Below are some records. Set each one down exactly as it reads.

Start of Records provided

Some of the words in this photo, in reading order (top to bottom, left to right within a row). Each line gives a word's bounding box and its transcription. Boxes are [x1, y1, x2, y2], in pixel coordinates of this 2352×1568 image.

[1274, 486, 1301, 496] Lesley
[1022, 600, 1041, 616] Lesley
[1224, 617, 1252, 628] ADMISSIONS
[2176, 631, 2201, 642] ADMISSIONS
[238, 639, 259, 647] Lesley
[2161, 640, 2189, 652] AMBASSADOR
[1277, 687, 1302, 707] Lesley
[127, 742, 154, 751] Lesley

End of Records provided

§ **Answer for the task**
Some of the words in this photo, in reading order (top to bottom, left to right within a row). Each line gives a word's bounding box and its transcription. Boxes are [x1, y1, x2, y2], in pixel coordinates of this 2352×1568 image.

[1274, 486, 1301, 496] Lesley
[1022, 600, 1041, 616] Lesley
[1224, 617, 1252, 628] ADMISSIONS
[2176, 631, 2201, 642] ADMISSIONS
[238, 639, 259, 647] Lesley
[2161, 640, 2189, 652] AMBASSADOR
[1277, 687, 1302, 707] Lesley
[127, 742, 154, 751] Lesley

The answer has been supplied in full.